Я застряла в бронежилете.
– Это еще зачем?
– Прошу тебя, Кэсси. – Сэм, казалось, вот-вот взорвется. – Пожалуйста.
Езжу я на развалюхе “веспе” – по меркам города, где успех измеряется деньгами, позорище, зато удобно. Пробки она преодолевает вчетверо быстрее среднего внедорожника, и припарковаться проще, да и ненужных людей помогает отсеять – если кто-то кривит рожу, значит, нам не по пути. Когда я выехала из города, погодка была славная, для поездки на мотороллере самое то. Ночью прошел дождь – сильный, со снегом, хлестал в окно как сумасшедший, но к утру выдохся, и день был яркий, ослепительный – первый почти весенний день. Раньше в такие деньки я с утра седлала “веспу” и ехала за город – мчишься на полной скорости куда глаза глядят и песни горланишь!
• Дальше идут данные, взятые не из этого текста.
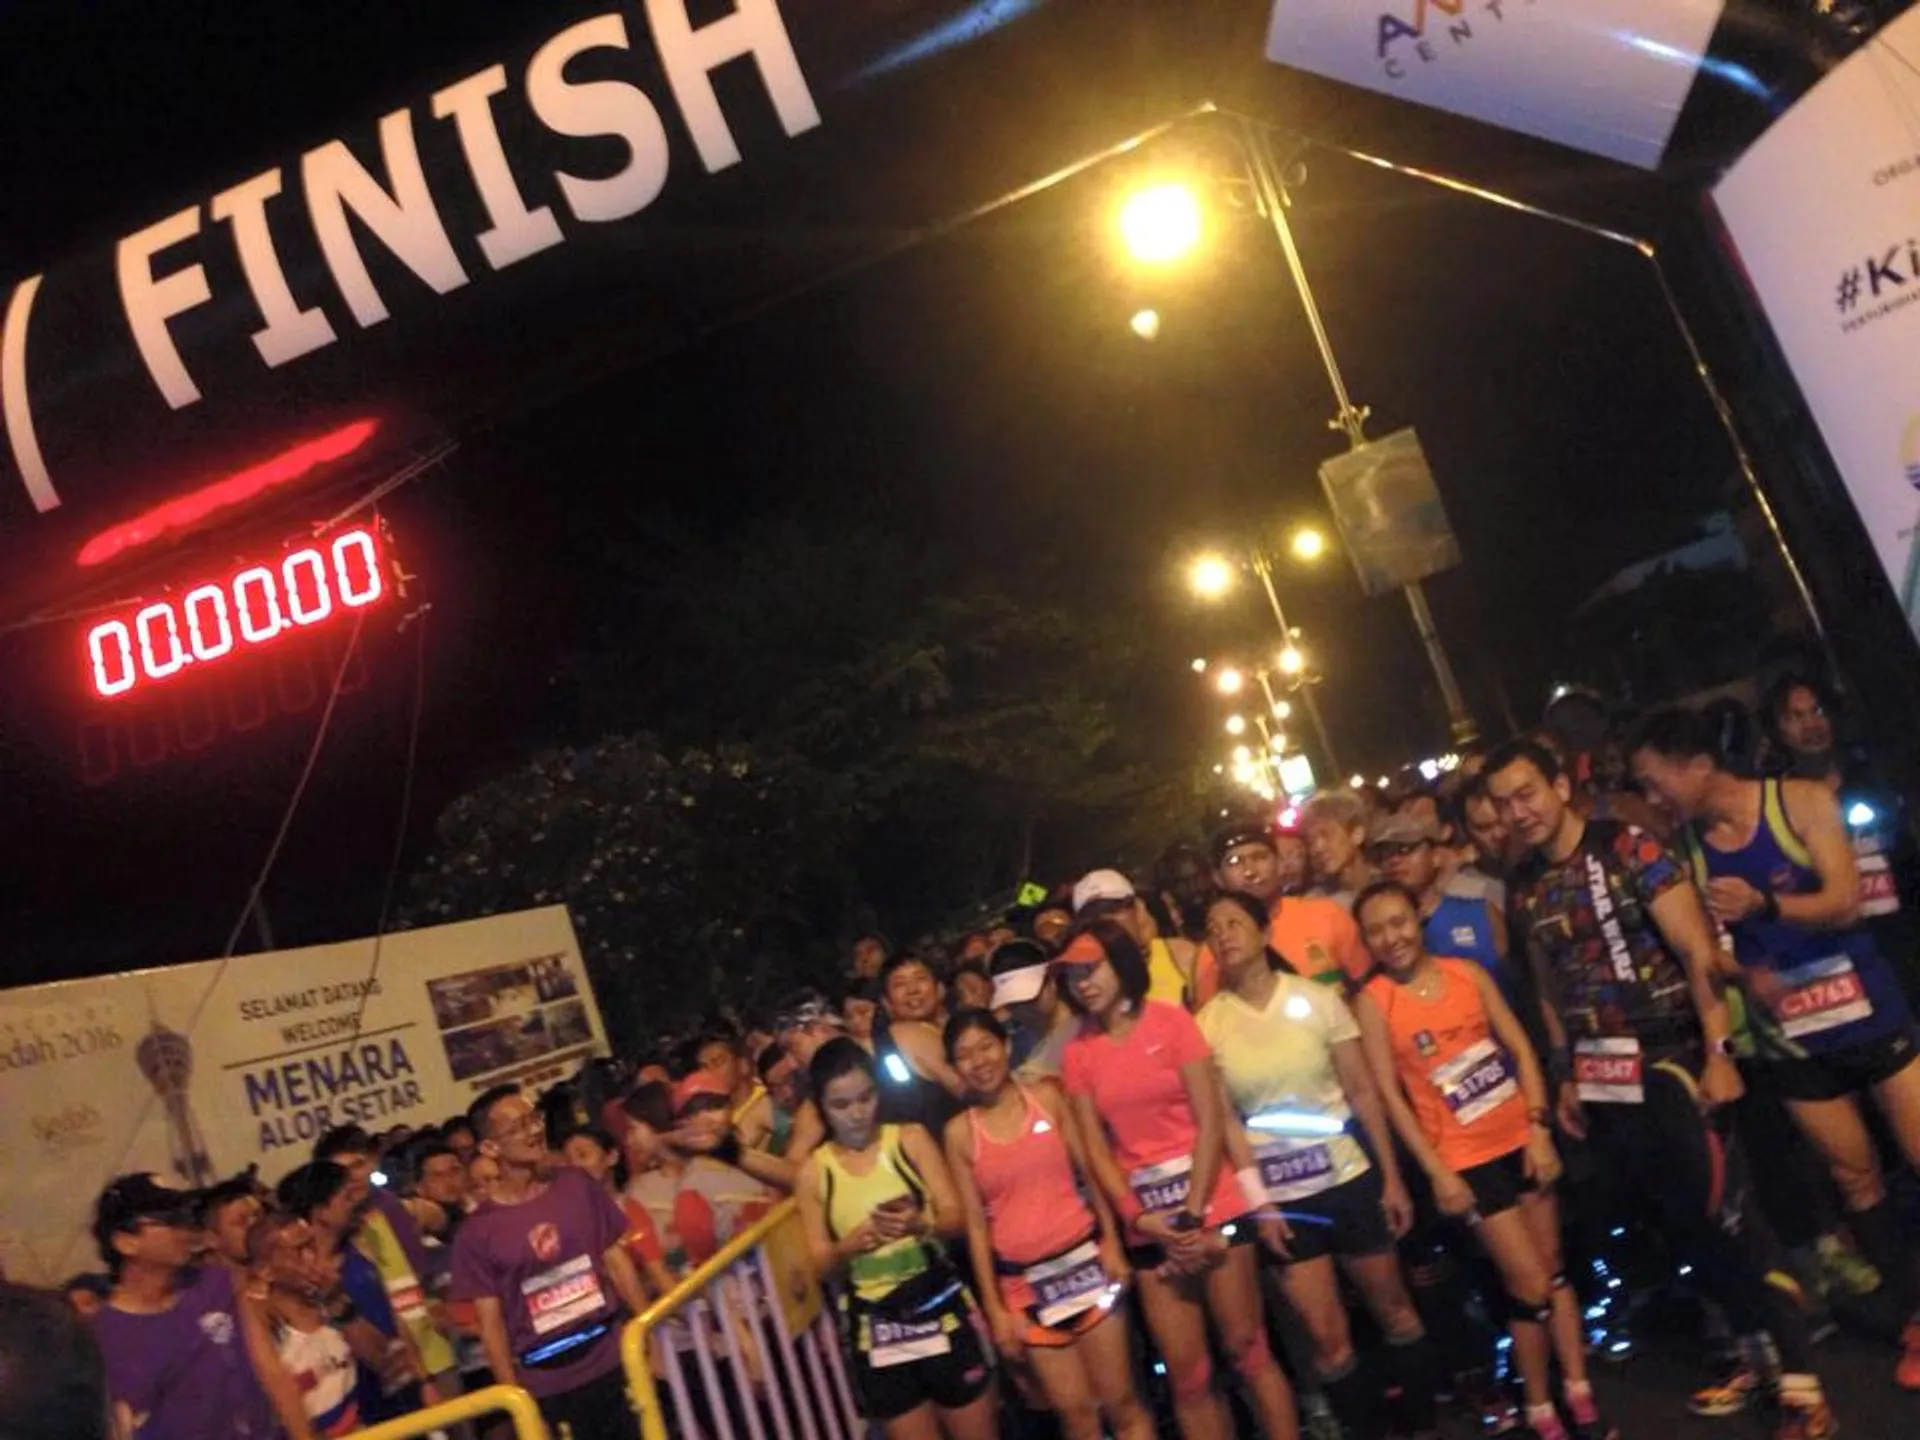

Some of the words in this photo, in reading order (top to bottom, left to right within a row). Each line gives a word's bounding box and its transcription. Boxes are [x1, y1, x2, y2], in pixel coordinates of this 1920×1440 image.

[115, 0, 822, 410] FINISH
[1585, 853, 1615, 922] STAR
[1602, 917, 1636, 983] WARS
[240, 989, 319, 1022] SELAMAT
[321, 977, 383, 1005] DATANG
[281, 1011, 362, 1044] WELCOME
[243, 1037, 416, 1118] MENARA
[258, 1104, 335, 1152] ALOR
[340, 1079, 425, 1123] SETAR
Глэнскхи – это на выезде из Дублина: среди гор Уиклоу прячется деревушка, а вокруг ничего примечательного. Я полжизни прожила в Уиклоу, а в Глэнскхи не была дальше указателя при въезде. Место совсем глухое: россыпь ветхих домиков вокруг церкви, что бывает открыта раз в месяц, рядом паб и магазинчик всякой всячины – словом, сюда не заглянет даже отчаявшаяся молодежь в поисках жилья подешевле. Четверг, восемь утра, так называемая главная улица живописна, как на открытке, и совершенно безлюдна, лишь старушка катит продуктовую тележку мимо искрошенного гранитного памятника неизвестно кому, за ее спиной вьются улочки с домиками цвета засахаренного миндаля, а еще дальше высятся буровато-зеленые равнодушные холмы. Можно вообразить, что здесь кого-то убили – фермера, чьи далекие предки не поделили территорию, или муж жену, обезумев от пьянства и жизни в четырех стенах, или брат пошел на брата, с которым не мог разъехаться лет сорок, – короче, привычные преступления с глубокими корнями, древние, как сама Ирландия, но опытного сыщика вроде Сэма таким не проймешь.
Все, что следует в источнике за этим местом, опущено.